(Beginning of DATA TO EXAMINE)
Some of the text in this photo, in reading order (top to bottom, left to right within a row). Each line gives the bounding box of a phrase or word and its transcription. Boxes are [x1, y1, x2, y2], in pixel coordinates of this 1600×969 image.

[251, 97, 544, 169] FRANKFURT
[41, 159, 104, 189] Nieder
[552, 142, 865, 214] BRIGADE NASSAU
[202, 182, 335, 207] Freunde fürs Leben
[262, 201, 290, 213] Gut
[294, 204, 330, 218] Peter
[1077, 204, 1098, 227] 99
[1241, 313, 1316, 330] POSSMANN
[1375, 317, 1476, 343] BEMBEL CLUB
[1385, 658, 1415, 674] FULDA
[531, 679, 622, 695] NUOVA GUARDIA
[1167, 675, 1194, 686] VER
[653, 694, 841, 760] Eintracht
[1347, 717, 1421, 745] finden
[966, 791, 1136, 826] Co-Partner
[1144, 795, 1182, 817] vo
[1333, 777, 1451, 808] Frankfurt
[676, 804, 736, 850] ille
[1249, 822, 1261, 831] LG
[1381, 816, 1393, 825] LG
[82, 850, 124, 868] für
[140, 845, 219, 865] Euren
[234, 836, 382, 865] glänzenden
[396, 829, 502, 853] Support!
(End of DATA TO EXAMINE)
◆ WHAT IS EXPECTED
Give the material above back in full, exactly as written.

◆ COMPLETED TASK
Some of the text in this photo, in reading order (top to bottom, left to right within a row). Each line gives the bounding box of a phrase or word and its transcription. Boxes are [x1, y1, x2, y2], in pixel coordinates of this 1600×969 image.

[251, 97, 544, 169] FRANKFURT
[41, 159, 104, 189] Nieder
[552, 142, 865, 214] BRIGADE NASSAU
[202, 182, 335, 207] Freunde fürs Leben
[262, 201, 290, 213] Gut
[294, 204, 330, 218] Peter
[1077, 204, 1098, 227] 99
[1241, 313, 1316, 330] POSSMANN
[1375, 317, 1476, 343] BEMBEL CLUB
[1385, 658, 1415, 674] FULDA
[531, 679, 622, 695] NUOVA GUARDIA
[1167, 675, 1194, 686] VER
[653, 694, 841, 760] Eintracht
[1347, 717, 1421, 745] finden
[966, 791, 1136, 826] Co-Partner
[1144, 795, 1182, 817] vo
[1333, 777, 1451, 808] Frankfurt
[676, 804, 736, 850] ille
[1249, 822, 1261, 831] LG
[1381, 816, 1393, 825] LG
[82, 850, 124, 868] für
[140, 845, 219, 865] Euren
[234, 836, 382, 865] glänzenden
[396, 829, 502, 853] Support!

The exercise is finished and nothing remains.